UNA "MAMÁ CORA" PARA CADA DÉCADA 
El arte del retrato

Mamá CoraLa vieja de GasallaPor: Julián Gorodischer. Mamá Cora se convirtió en un personaje mutable, complejo, que se va encarnando en cada nueva generación que envejece, desde el estreno de Esperando la carroza (1985) hasta la fecha. Como arquetipo logrado, redefine el concepto mediático de "ser viejo". En el origen era bucólica, extraviada; su singularidad era estar atontada en medio de los monstruos crispados; seguramente fue la pincelada más sutil, al menos la más recordada, de la comedia de Alejandro Doria. Ahora se la ve maldita, precisa para tirar a donde le duele a la diva, Susana. Gasalla le cambia el signo a su vieja, la moldea para que no pierda nunca su carácter masivo; troca el autismo de la original por la conectividad total. Atrás quedó la morosidad anestesiada de la otra vieja.

La nueva está completamente farandulizada, pero no es cholula: por contraste con la abuela de la película, dominada por su clan, ahora domina vida y obra de las divas. Su antecesora estaba más allá del bien y del mal, Cora II aporta un vínculo apasionado con las "estrellas", fuerza el equívoco de la "rubia tarada", insiste sobre el punto que la otra no quiere tocar, mete el dedo en su llaga (su error de la semana) hasta hacerla pedir perdón, menos condescendiente que otros raccontos de "las perlas de Susana" para compilar sus gaffes.

La nueva Cora está hiper erotizada, algo que en su precursora aparecía sólo como una insinuación esporádica. Invitada al piso junto a Moria Casán (la semana pasada), redirecciona cada charla hacia el tema de los vibradores (modelos, tamaños y usos); pregunta sobre posiciones y frecuencia del coito, pide detalles a las divas sobre su lubricación.

La otra Cora nació como un testimonio del barrio. Era la representante de los chismes de pequeña escala, de los prejuicios sobre la divorciada -siempre "una prostituta"- o el hombre golpeador calificado como "un marido que se pone los pantalones". En Esperando la carroza, el chisme todavía tenía escala humana; su límite era la cuadra, con mucha suerte la manzana. Escuchar y ver a Cora significaba encontrarse con un cronista del suburbio, con la fuerza que da la primera persona realista, la palabra del que lo vivió.

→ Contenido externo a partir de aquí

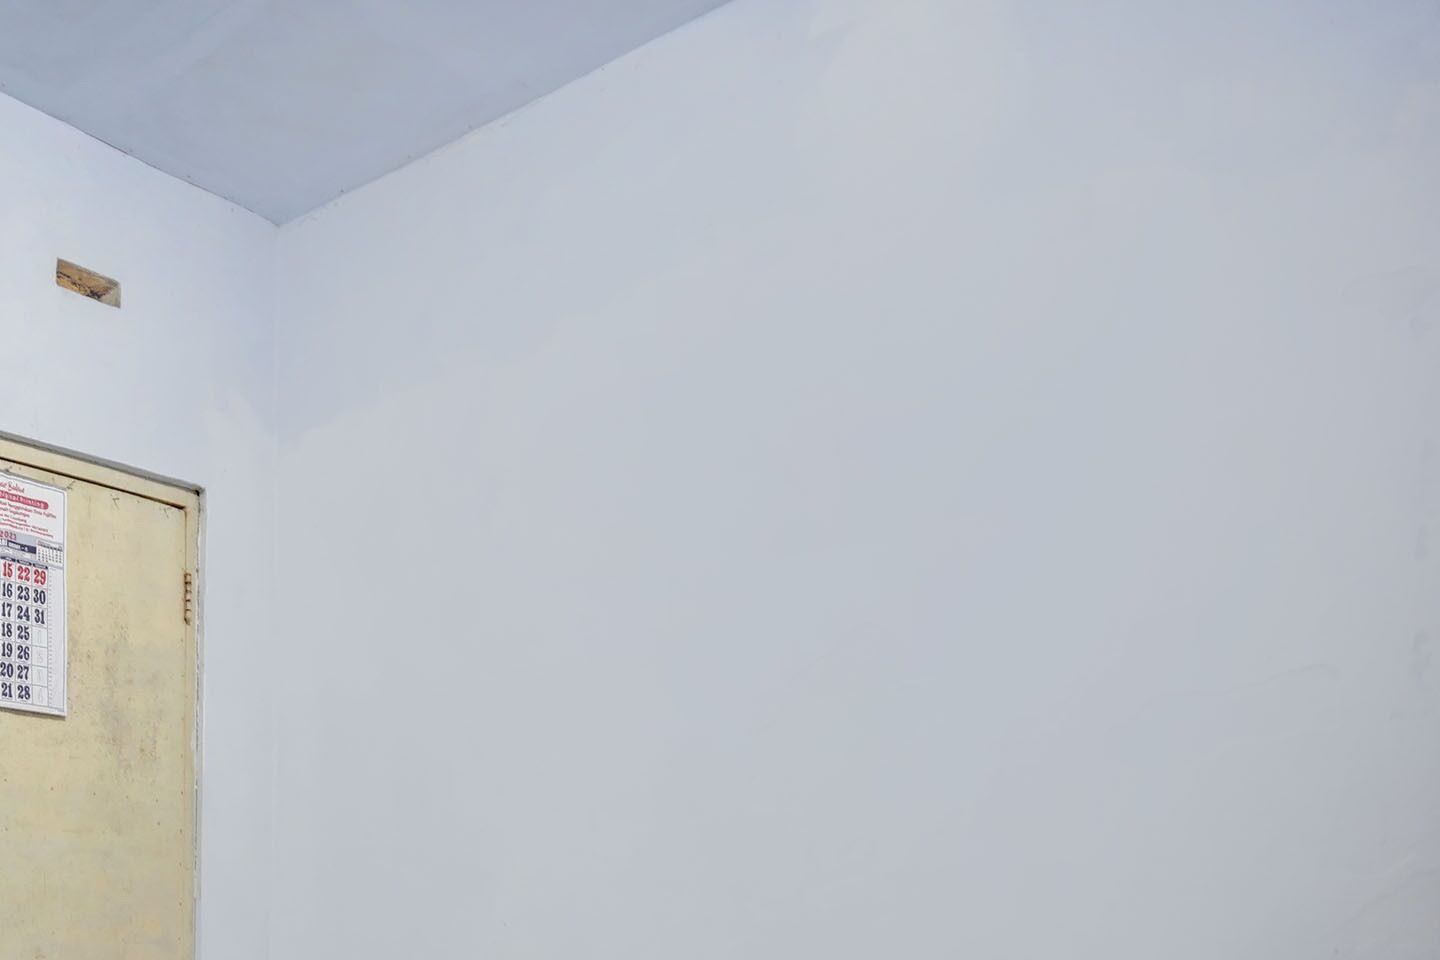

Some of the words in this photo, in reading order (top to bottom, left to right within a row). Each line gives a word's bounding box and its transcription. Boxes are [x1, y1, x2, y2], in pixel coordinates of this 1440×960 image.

[3, 561, 13, 578] 15
[17, 565, 30, 582] 22
[33, 569, 46, 586] 29
[2, 582, 13, 598] 16
[17, 585, 30, 601] 23
[33, 589, 46, 605] 30
[2, 602, 12, 618] 17
[17, 605, 30, 621] 24
[34, 609, 45, 625] 31
[2, 622, 12, 638] 18
[17, 625, 30, 640] 25
[2, 642, 13, 658] 19
[17, 645, 30, 660] 26
[0, 661, 14, 678] 20
[17, 665, 29, 681] 27
[1, 682, 13, 698] 21
[17, 685, 31, 700] 28

La vieja, que era un testimonio de muchas individualidades por separado, ahora se hizo tan colectiva como las nuevas imágenes de los públicos, no seres singulares sino "rating" o "encendido".

La vieja es atravesada por la locura informativa sobre farándula. Sus nuevos rasgos (control detallado sobre vida de famosos y duelos mediáticos, posición tomada sobre quién debería ganar el "Bailando…", inmensidad de data sobre quién sale con quién, sobre qué pasa en bambalinas del programa de Tinelli, resentimiento al hablar de cachets, cuyo monto maneja figura por figura) dan cuenta de la transformación vivida.

El chisme de consorcio corresponde a la vida de las "estrellas" que se casan, cuernean y litigan por la tele. En un formato de sketch más tradicional Susana debería entrevistar a Mamá Cora, como "ciudadana común", pero en el diván blanco charlan de igual a igual como doñas comadronas y famosas (todo junto), sacándole el cuero a la Tota y a Fernanda Vives como si hablaran de la viuda del 4° B.

El arte del retrato televisivo se plasma con precisión literaria. Sensible a su tiempo, capaz de modificar a su criatura para que sea cada década una nueva (bajo la misma piel), Gasalla construye a una vieja sin clan. No hay referencias a hijas, sobrinas o nietos, como antaño. La referencia mediática reemplaza al carácter barrial. Los límites del territorio pierden escala urbana. El foco de la vieja no es lo que haga la de al lado. Sin darnos demasiada cuenta fueron ampliándose los límites del barrio. El barrio, nos dice mamá Cora, queda en la tele.